Take Two

I had written a really charming post - it was clever, it was witty, endearing even. It had personal details, embarrassing reveals - and then, someone tried to facetime me (thanks Dad) and my computer froze and all that language was lost. I'd consider it a sacrifice to the gods of creativity or writing or just the internet, but. It wasn't that good. 

I was writing (and will again write) reviews of the two books I've read in the last two weeks. One was a recommendation from my mother-in-law, and she is a font of good knowledge. The other is a book I revisited after reading it years before. Both are timely. Both are also worth your time.

Exit West, by Mohsin Hamid

I want to tell you this book is poetic without being flowery, only the most essential and beautiful language possible brings Nadia and Saeed's story to stark relief. The magical realism surprised me but those elements don't detract from the truths revealed in the story. The book partly covers national crises and global tragedy, nationalism and fear, while focusing on this young couple navigating their own identities as individuals and as a family.  The story begins in an unnamed middle eastern country consumed by civil war and unrest, and the characters' subsequent escape to Greece, England, and finally the United States.  This short book is consuming - I read it in its entirety while flying over the Rockies (truly - my husband was pointing out canyons and rock formations in real time) and I worry that by reading it so fast, the story will not stay with me for quite as long.  There's a lot this book demands we ask (by that I mean - I can see book clubs having a ton to talk about with this, from the micro to the macro levels) - so when you get around to it, let me know. I'll bring the wine.

American Gods, by Neil Gaiman

I had to revisit this - the casting for the Starz show and the hype around putting this cinematic, made-for-the-Golden-Age-of-Television novel was too real. Without hesitation I am here to tell you that American Gods created a world that is so encompassing that I can't get my head out of it and while my friends and family might be over it, I am loving it.  The book imagines a world where a battle is brewing: a battle for survival and dominance between the old gods - gods and heroes brought over to America from Vikings, immigrants, slaves, born from Native American tribes indigenous clans and generations of folklore - and the new gods of Technology, Media, the American Car, Highways....you name it. Anything we sacrifice blood, money, time, attention, energy towards - it may be part of a New Religion.  

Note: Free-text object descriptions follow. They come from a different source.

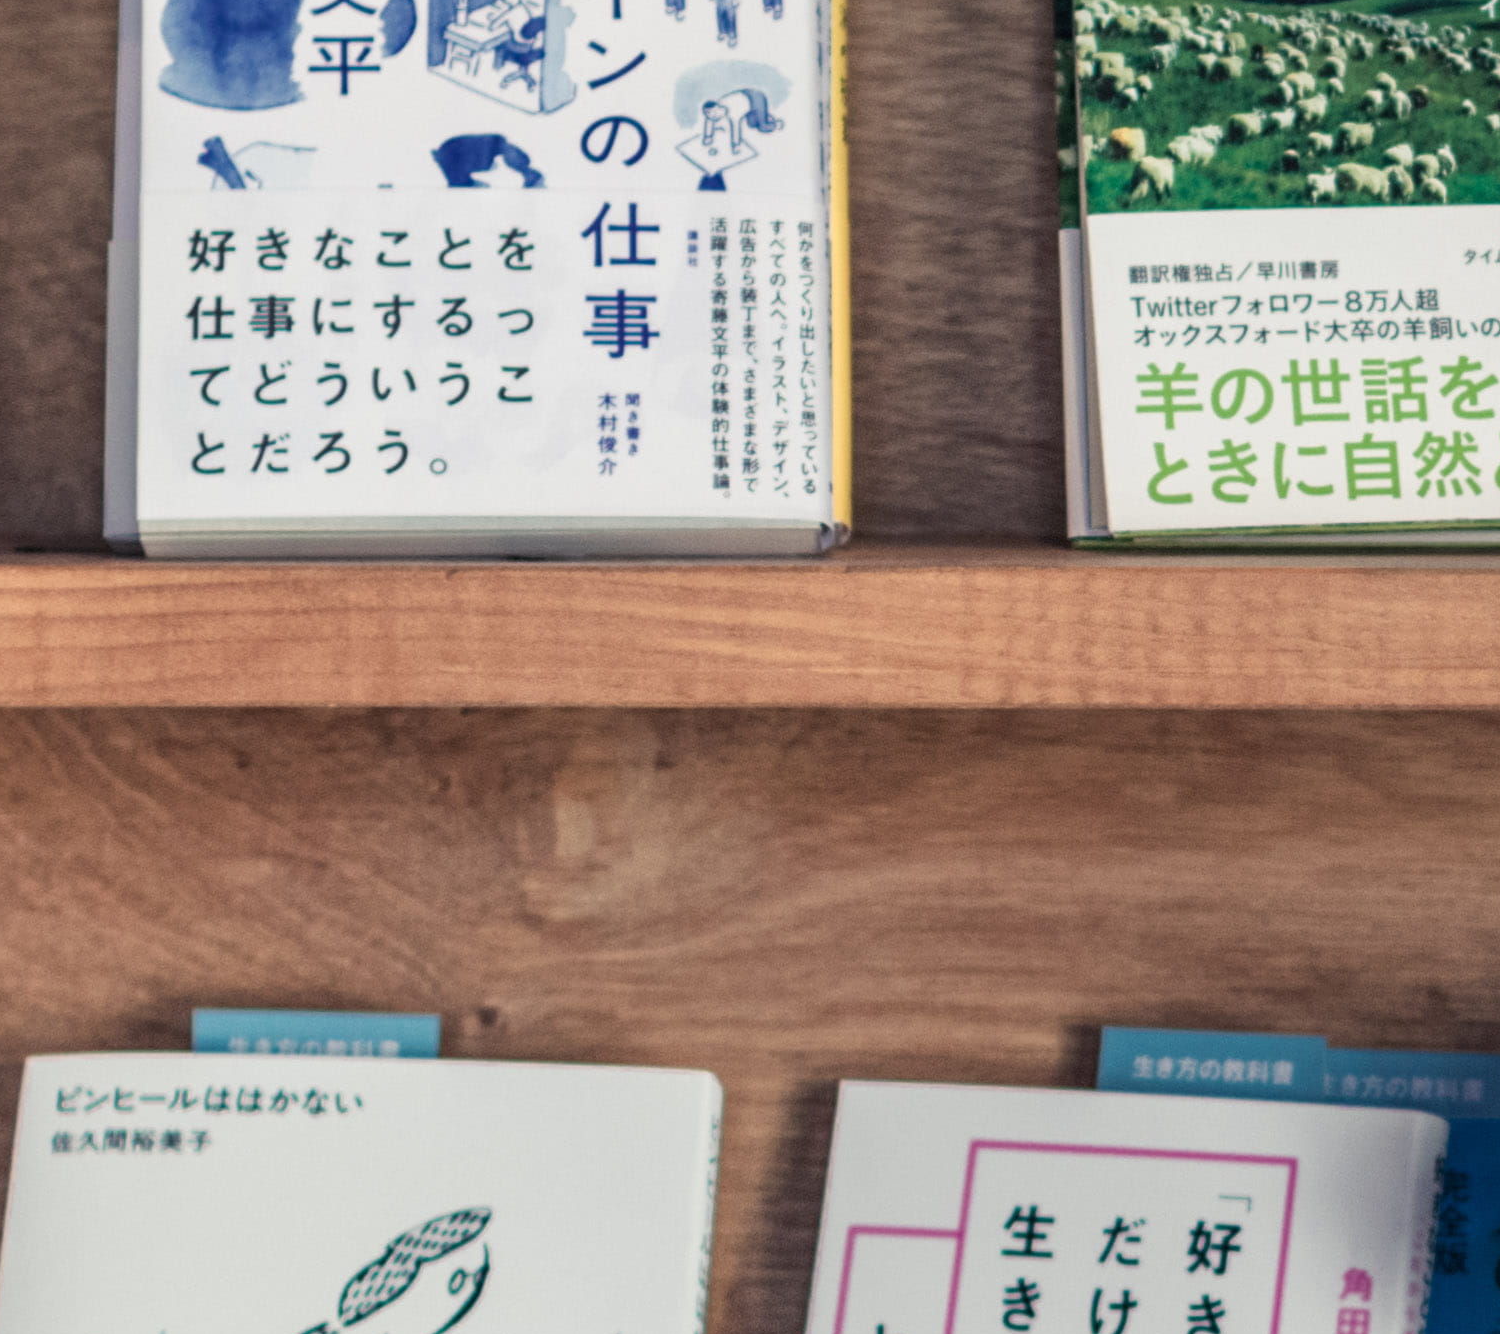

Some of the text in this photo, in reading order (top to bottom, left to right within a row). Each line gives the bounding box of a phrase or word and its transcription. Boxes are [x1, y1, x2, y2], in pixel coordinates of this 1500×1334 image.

[186, 225, 536, 273] 好きなことを
[1128, 259, 1340, 285] 翻訳権独占／早川書房
[185, 293, 536, 341] 仕事にするっ
[1129, 287, 1441, 320] Twitterフォロワー8万人超
[709, 216, 732, 499] 活躍する寄藤文平の体験的仕事論。
[739, 218, 760, 494] 広告から装丁まで、さまざまな形で
[768, 219, 790, 499] すべての人へ。イラスト、デザイン、
[797, 220, 818, 496] 何かをつくり出したいと思っている
[189, 361, 535, 409] てどういうこ
[597, 393, 618, 476] 木村俊介
[625, 393, 641, 457] 聞き書き
[190, 428, 449, 476] とだろう。
[1132, 1054, 1295, 1087] 生き方の教科書
[53, 1084, 365, 1116] ピンヒールははかない
[50, 1128, 213, 1156] 佐久間裕美子

Long after I finished this book (and I tore through it), I was still thinking about the characters and the conceit. I kept talking about these obscure Norse gods and putting together pieces of mythology and metaphor that Neil Gaiman wove into his story seamlessly. The best part of this book in terms of its translation to the small screen is that the world he created is so juicy for modernization and re-interpretation and extrapolation. There is room for more gods, new and old. Room for more detail and more backstories and everything. I'm psyched on this.  I am here for this.